We explained how a superficial heuristic
may lead to the violation of the consistency requirement. Lack of rigor is the
greatest threat for a formal NMT. The scientific method is based on hypotheses,
predictions and independently repeatable results. Given the complexity of the
systems under consideration, proposing a fully testable NMT may be quite
difficult, but not theoretically impossible. The less a NMT relies on
heuristics, the more room it leaves for rigorous use of mathematics (e.g. chaos
theory, game theory, statistics, network theory), peer reviewed socioeconomic
and anthropological studies, computer simulations etc. If there is one easy
criticism one could make for all informal NMTs is their lack of rigor. The path
towards rigorous formal NMTs will be lengthy and arduous, but the benefits
outweigh the costs.
A formal NMT can be criticized for lack
of rigor when it describes what is, if it fails to provide unambiguous
definitions of the described classes, or if it provides unsubstantiated claims on
the dependencies between the classes.
A
formal NMT can be criticized for lack of rigor when it posits oughts, if the
value functions it provides are not measurable. For instance, ‘happiness’ is
not a clearly defined system state, but dopamine and serotonin levels are.

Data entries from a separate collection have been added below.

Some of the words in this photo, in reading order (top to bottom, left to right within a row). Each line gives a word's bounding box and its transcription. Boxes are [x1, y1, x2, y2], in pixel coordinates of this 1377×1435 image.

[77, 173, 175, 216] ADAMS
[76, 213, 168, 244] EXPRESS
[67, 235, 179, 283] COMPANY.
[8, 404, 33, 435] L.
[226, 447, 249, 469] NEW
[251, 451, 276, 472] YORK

A formal NMT can be criticized for lack of rigor when it prescribes actions, if its
reasoning contains logical fallacies, or if it makes poor use of scientific
methodologies. For instance, a NMT might utilize a computer simulation to predict
the effect of a certain action on a set goal, but the software may later be
found to have had a critical bug that skewed the results.
The
boundaries between ethics and science
The role of science in describing what
is
·
Science can
assist in identifying potential elementary system classes (e.g. wolves vs dogs)

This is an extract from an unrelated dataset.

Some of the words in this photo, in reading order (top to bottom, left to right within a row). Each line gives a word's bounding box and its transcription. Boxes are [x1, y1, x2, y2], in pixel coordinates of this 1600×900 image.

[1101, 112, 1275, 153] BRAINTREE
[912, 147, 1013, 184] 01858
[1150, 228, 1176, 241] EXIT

and especially in describing the interconnections between the various system
classes.
·
Science has
no say on whether a NMT treats all animals as a single superclass or whether it
separates them into dogs and non-dogs.
The role of science in positing oughts
·
Science can
assist in clearly defining system states (term disambiguation) and in
calculating value functions.
·
Science has
no say in the values assigned or in the set targets.

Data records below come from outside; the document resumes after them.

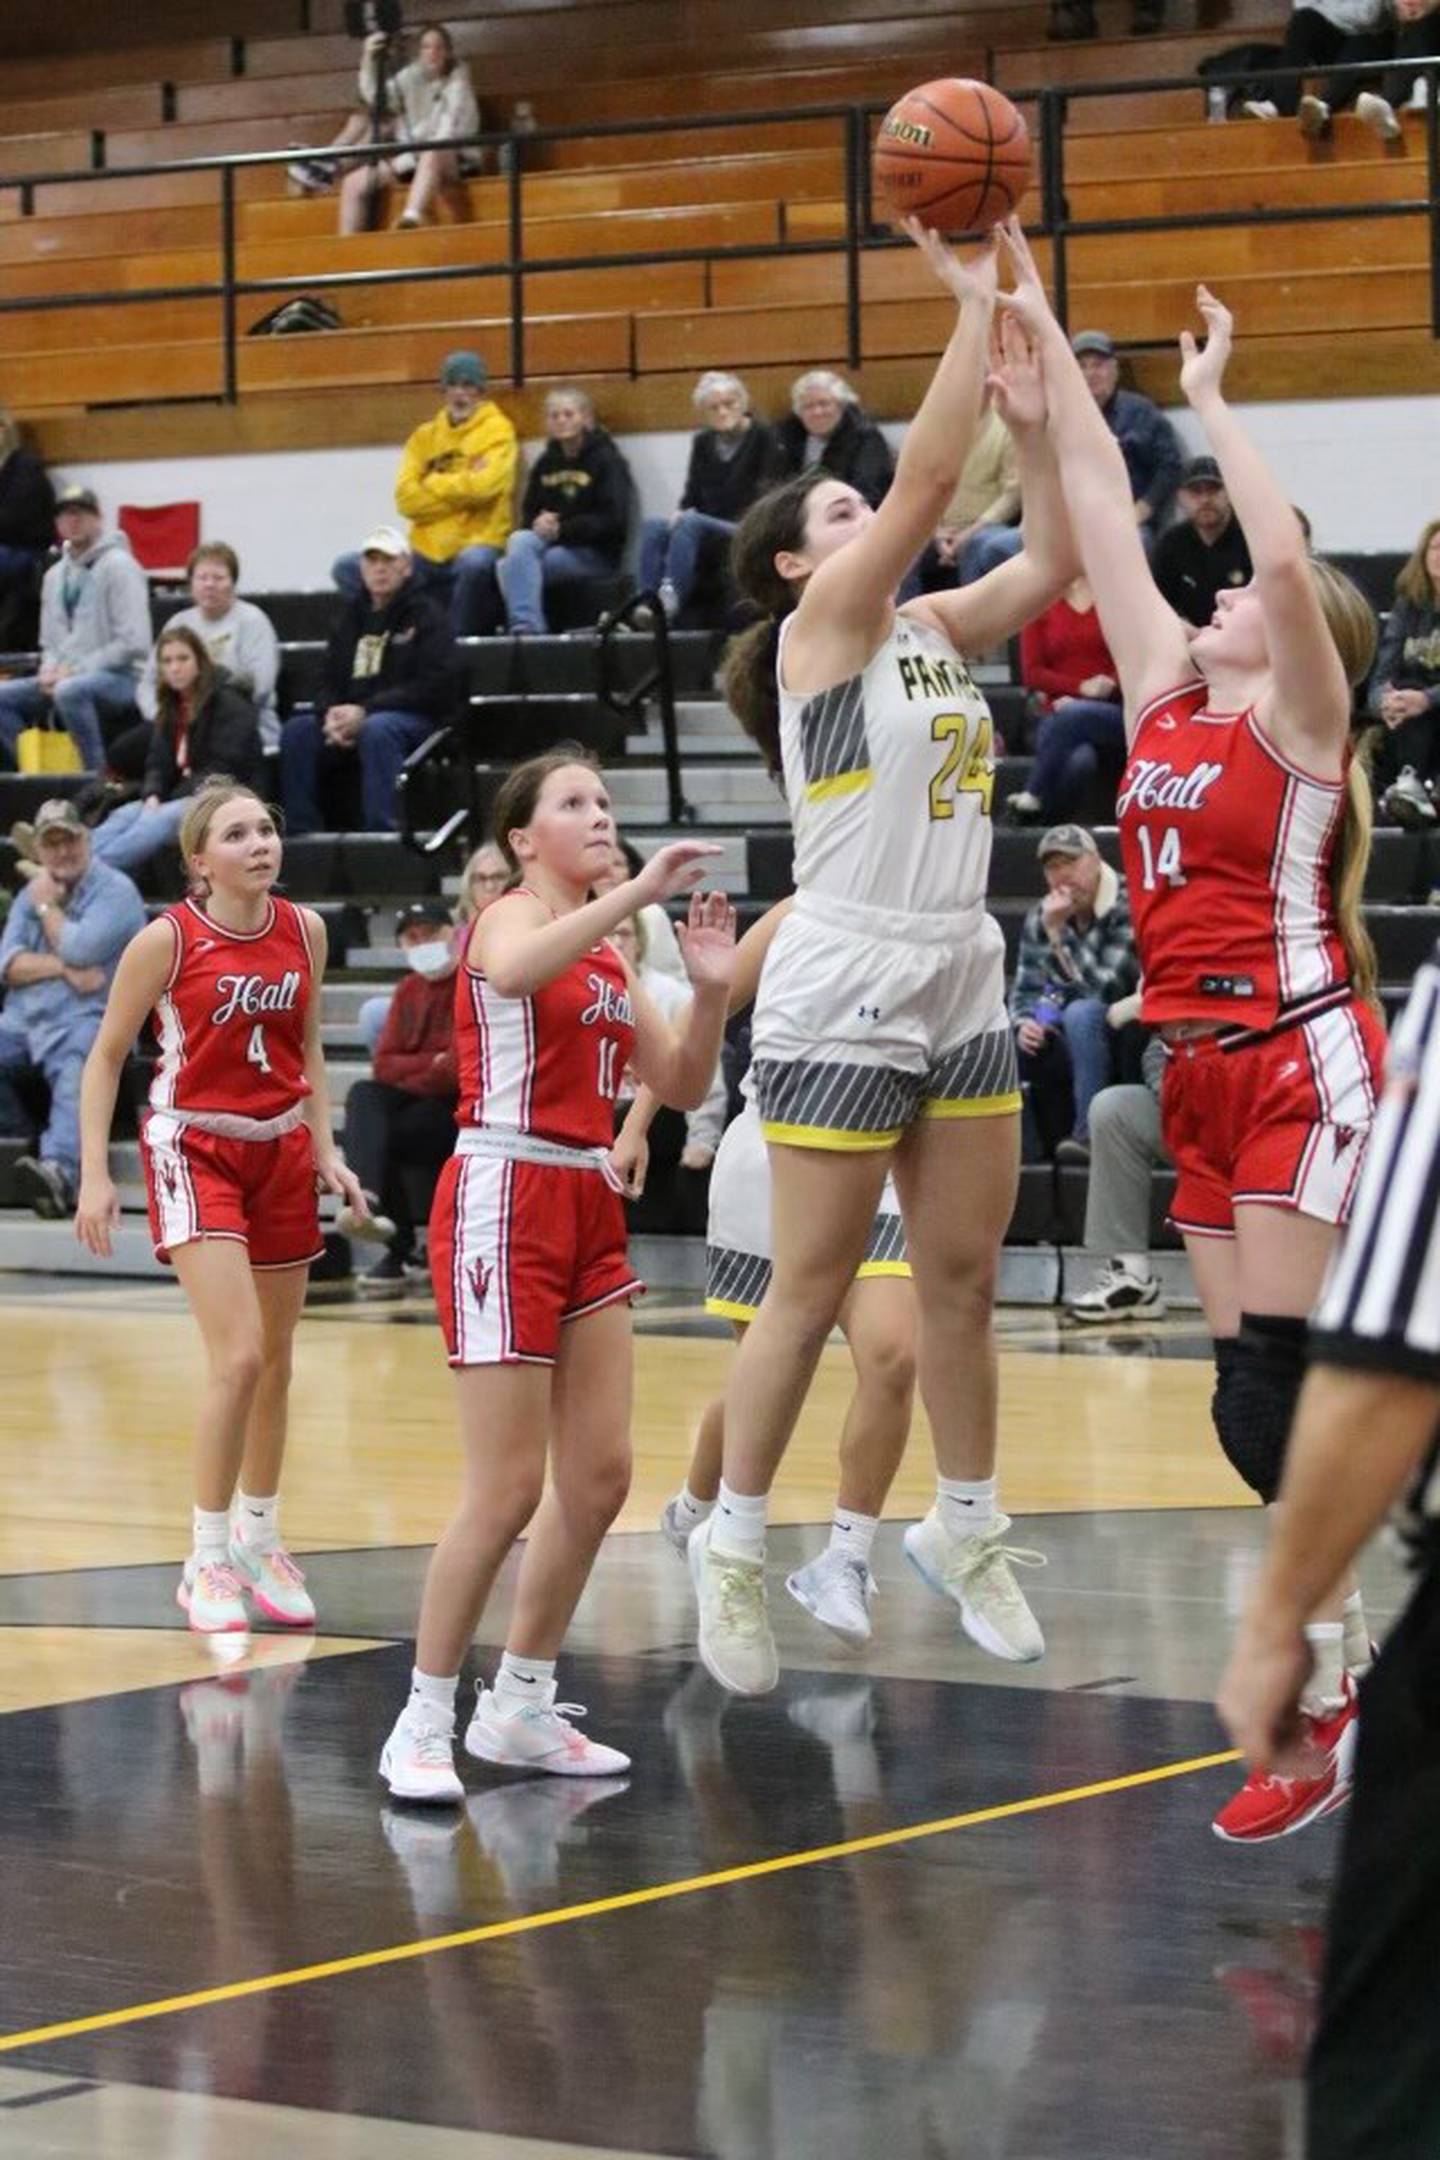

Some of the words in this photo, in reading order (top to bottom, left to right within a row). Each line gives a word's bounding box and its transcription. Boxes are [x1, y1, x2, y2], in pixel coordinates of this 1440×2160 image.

[929, 713, 994, 820] 24
[1115, 759, 1223, 819] Hall
[1137, 824, 1187, 890] 14
[211, 970, 300, 1025] Hall
[246, 1023, 272, 1073] 4
[597, 1036, 618, 1100] 11

The role of science in prescribing
actions
·
Science can
assist in the complex predictions of the effects of particular actions. Aside
from providing tools to facilitate difficult calculations, it can be used to
prove that a utilized heuristic is unfounded because certain feedback effects
from particular interconnections were ignored during the calculations.
Innate Boundaries
The
definition of a formal NMT which was provided above seemingly permits a
boundless set of possibilities. However, we should emphasize that the
perceptions of conscious entities are heavily biased by the innate capabilities
described in the preface. The more innate characteristics two conscious
entities share, the closer their perceptions of the world and their place in it
will be. For instance, biological entities are generally characterized by a
drive for self-preservation which would not necessarily be present in an
artificial consciousness. The innate selfishness undoubtedly biases the NMTs
posited by biological entities and they generally choose to assign high values
on the instances of their own class. To illustrate with an exception, NMTs
which support the idea that humans should stop reproducing because of their effect
on the environment have been posited (reference) but their reception from the vast majority of humans
has been one of condescending indifference (reference).
Therefore,
it is quite possible for conscious entities with many common characteristics to
reach a consensus on a subset of the possible descriptions of the world and on
at least some of the value functions assigned to the agreed upon classes. One
should always remember though, that the agreed upon ‘truth’ is their own agreed
upon truth, which is always subject to revision from future generations of
entities with slightly different characteristics.